# Request to Dubai Forumers



## Bahraini Spirit (Dec 14, 2002)

Hi fellas, hope you're all cool. Sorry been away for a week, busy in London. Anyways, I have a small request and am sure it's been repeated over but I'd greatly appreciate your help. My friend in Berlin is most likely moving to Dubai and he wants to know how much do flats cost for rent. I've seen the website http://propertylisting.ae/ but the rent section still doesn't work.

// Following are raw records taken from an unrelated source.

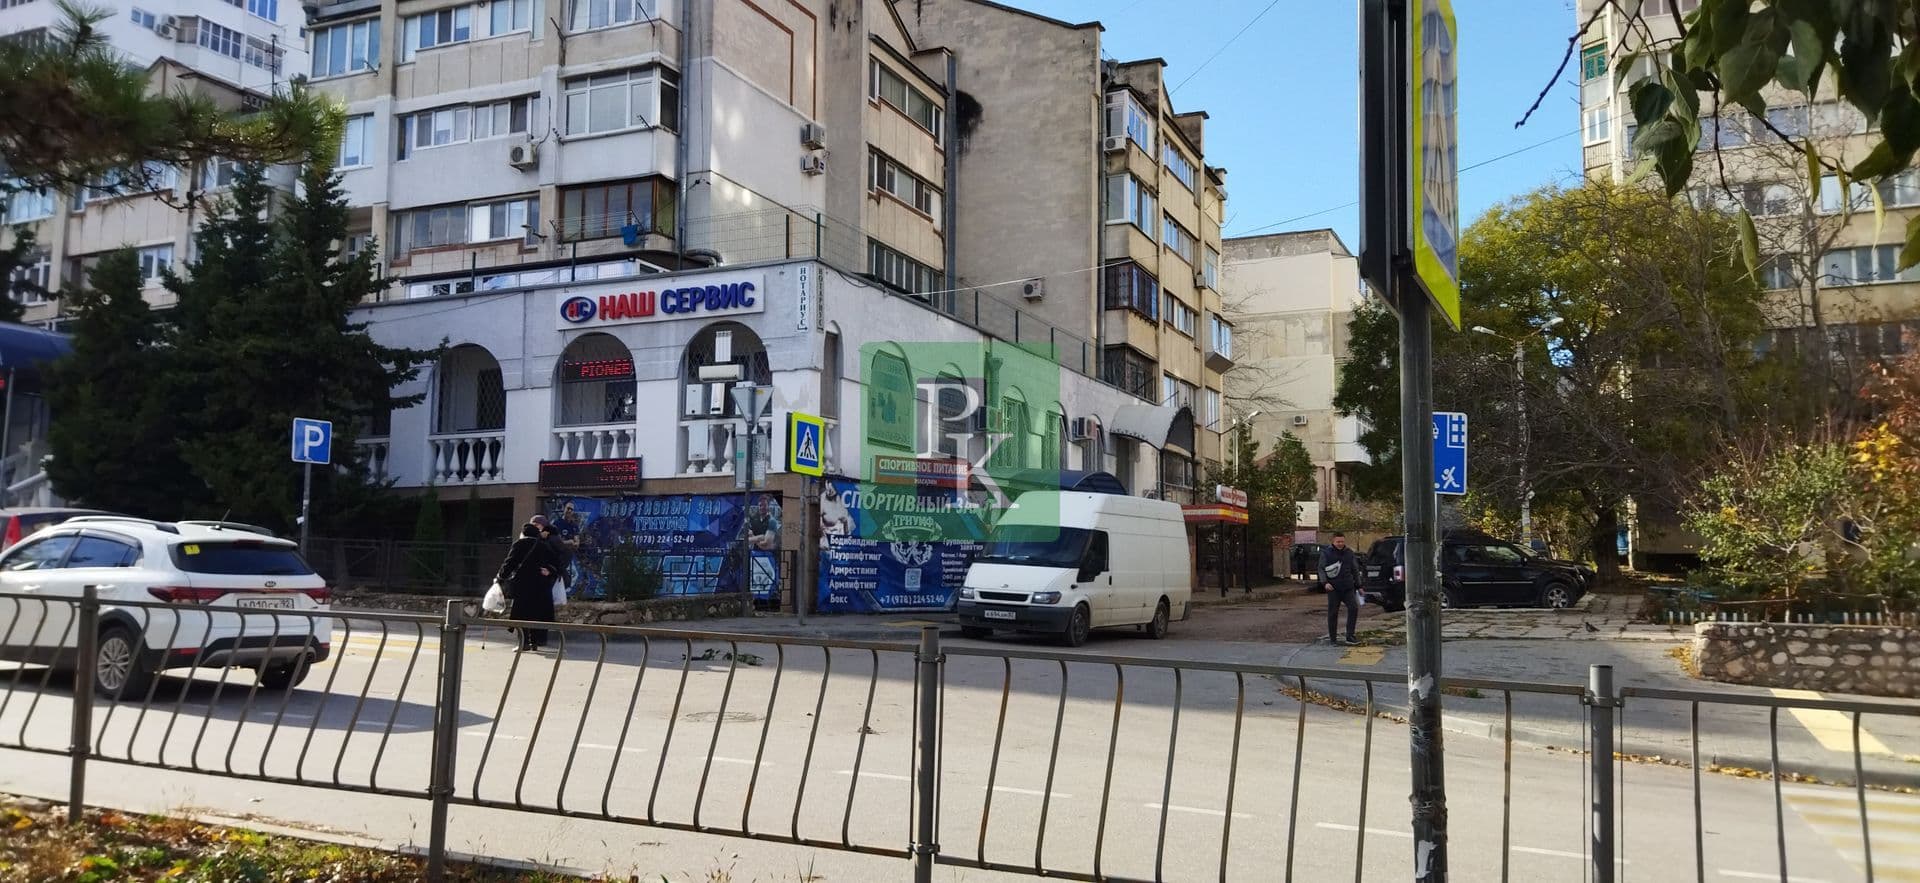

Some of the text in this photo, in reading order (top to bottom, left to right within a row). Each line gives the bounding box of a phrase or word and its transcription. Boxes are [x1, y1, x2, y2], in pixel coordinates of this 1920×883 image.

[599, 282, 756, 320] НАШ СЕРВИС
[304, 425, 325, 458] P
[879, 459, 969, 474] СПОРТИВНОЕ ПИТАНИЕ
[601, 498, 721, 517] СПОРТИВНЫЙ ЗАЛ
[841, 489, 951, 514] СПОРТИВНЫЙ
[633, 516, 688, 532] ТРИУМФ
[893, 514, 934, 527] ТРИУМФ
[830, 535, 878, 548] Бодибилдинг
[830, 550, 882, 562] Пауэрлифтинг
[829, 564, 878, 576] Армрестлинг
[829, 579, 877, 590] Армлифтинг
[830, 594, 848, 604] Бокс
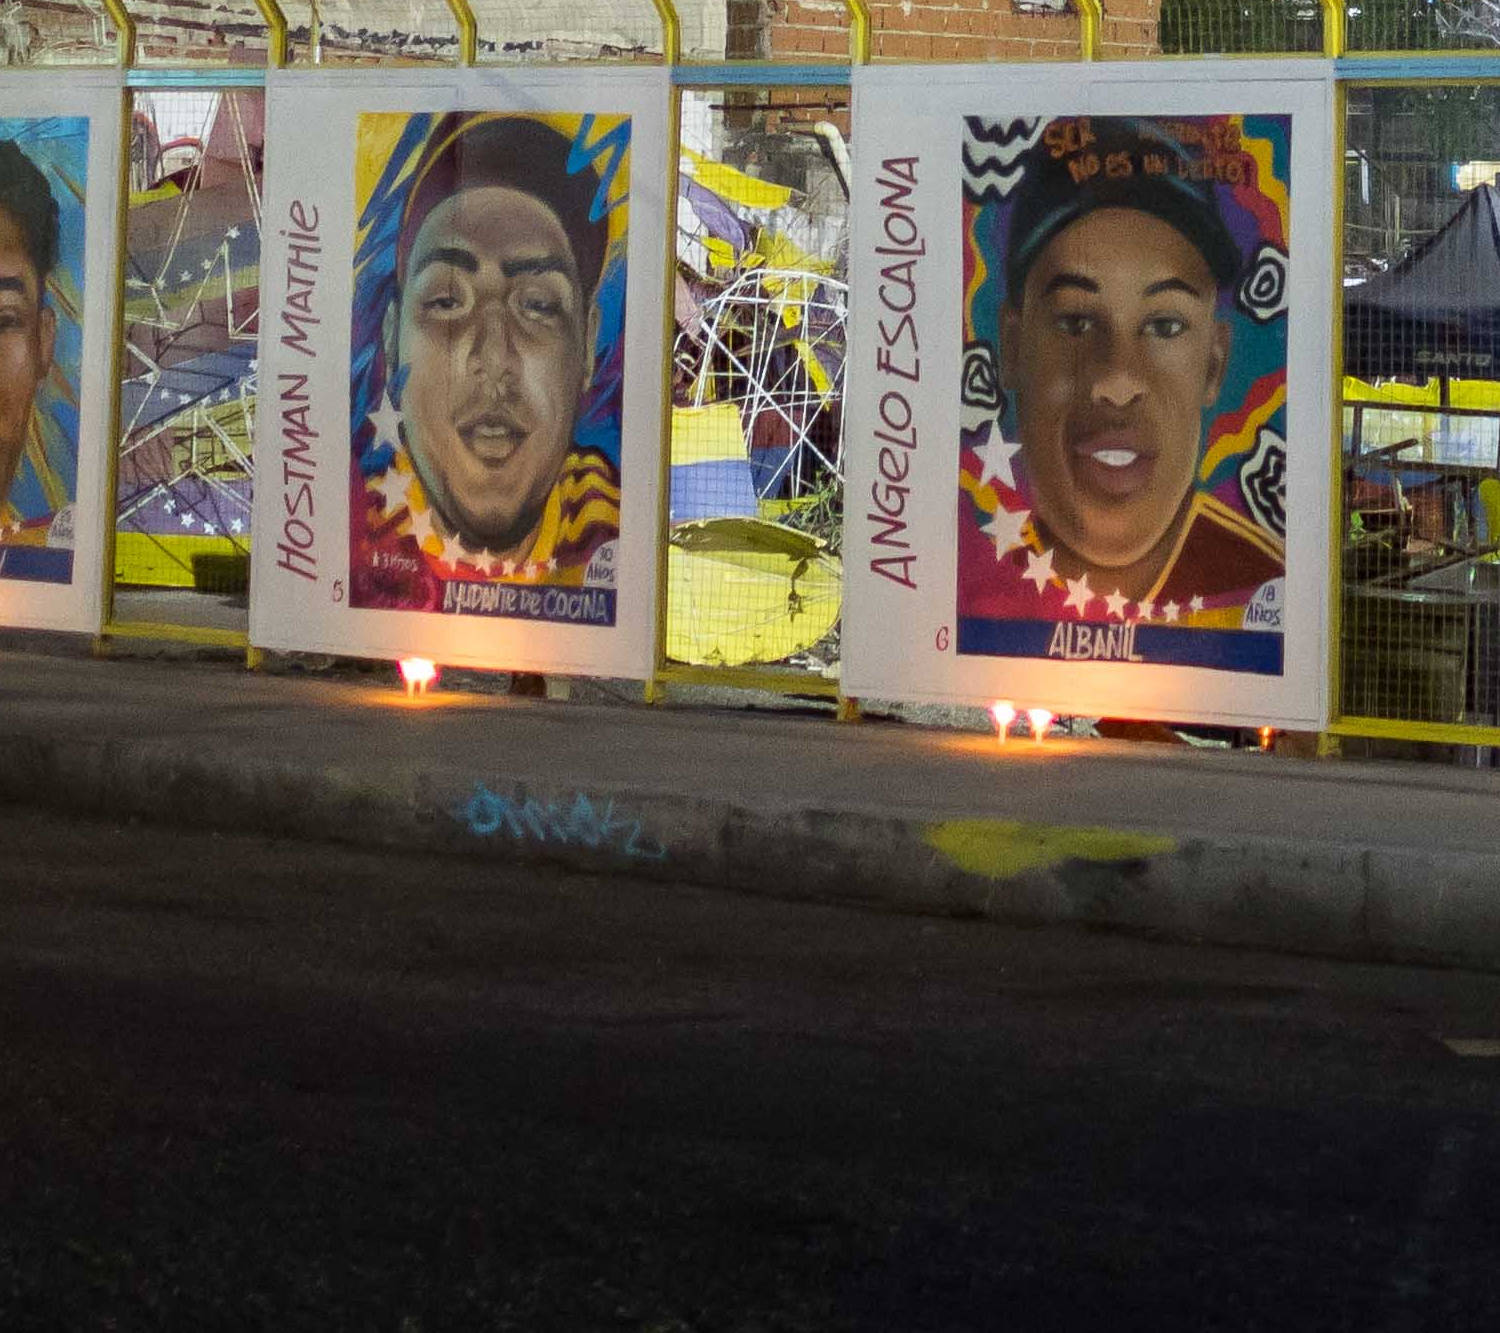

My question is, do you know any other websites like that with prices? Your help will be greatly appreciated.

Thanks .


----------



## SkylineTurbo (Dec 22, 2004)

Here, this site has some reasonably recent information, and is quite a good website to show prices in Dubai, even includes a comparison with UK-UAE prices.
https://www1.securesiteserver.co.uk/dubaidream/construct/10338-dubai.php


----------



## juiced (Aug 18, 2004)

www.bhomes.com


----------



## dazz (Jul 13, 2004)

hmmh, what I have heard, the rents are very high. You didn't say what kind of apartment he/she is looking, but what I would do , I would maybe take some loan & buy cheap apartment in international city, instead of renting. :|


----------



## Bahraini Spirit (Dec 14, 2002)

Thanks guys, he's looking for a 1 bedroom apartment. Tell me about the prices, they're sky rocketing upwards, crazy. Sharjah is following also, so no more escaping to live in Sharjah in the next few years.


----------



## DUBAI (Aug 24, 2004)

the loss in standard of living is not worth cheeper rents!

Stay away from sharjah!


----------



## juiced (Aug 18, 2004)

If you live in Sharjah but come to Dubai for work and play over the weekends, the traffic and the downright depressing state of Sharjah will put you off going to live there just for the lower rents!


----------



## Raza (Feb 5, 2005)

why is it so expensive, how do labours live UAE, how can they afford the rents.


----------



## juiced (Aug 18, 2004)

They don't pay rent.. construction companies put them in concentration camps.. err, i mean accomodation camps...well not that they are any different from the latter


----------



## DUBAI (Aug 24, 2004)

Luxurious though when compare to indias, housing for the poor projects. there not the shangria la, but the permenant ones are usualy pretty decent, its the temporary wooden ones that are dodgy!


----------



## SkylineTurbo (Dec 22, 2004)

Sharjah, pretty much you get more than you bargain for in some of the lower rent apartments.


----------



## DarkBlueBoss (Mar 3, 2005)

i am sorry to tell you, that living in dubai is becoming ripoff, its a nice place to live, btu for god' sake, the prices are over inflated, ur paying around 40 to 50 thousand a year for 1 bedrooms apt rent, but ur not getting ur money's worth, i am sorry, but the way dubai is going its downfall will be very soon, not that i want that, i just hope that the people in charge wake up and realize that is happening to the people, case not everyone can afford 500,000 Dhs for a studio , or 1 million plus for a 1 bedroom, and i am probably giving you last weeks prices by now prices may have shot up even more, its preposterous, anyone agree or have anything to add to that, please be my guest . . .


----------



## Krazy (Apr 27, 2004)

Its true, go to a place like Bank street in Bur Dubai and its almost impossible to find anything less than 90,000 for 2 and 3 bedrooms, and the apartments and buildings arent even that great. Its insane. Unless you make the big bucks, Dubai isnt the place for you to live a comfortable life. But Im guessing it should be much better in another 5-6 years time when there is an excess of property available.


----------



## SkylineTurbo (Dec 22, 2004)

Dubai's prices have soared since the 1st quarter of 2004/.


----------



## Bahraini Spirit (Dec 14, 2002)

Buying seems to be a better investment that renting, cause in a few years time if not even a year, you'll pay the same price and more.


----------



## SkylineTurbo (Dec 22, 2004)

^ The good thing is that there is a large diversity of where and what to buy in Dubai.


----------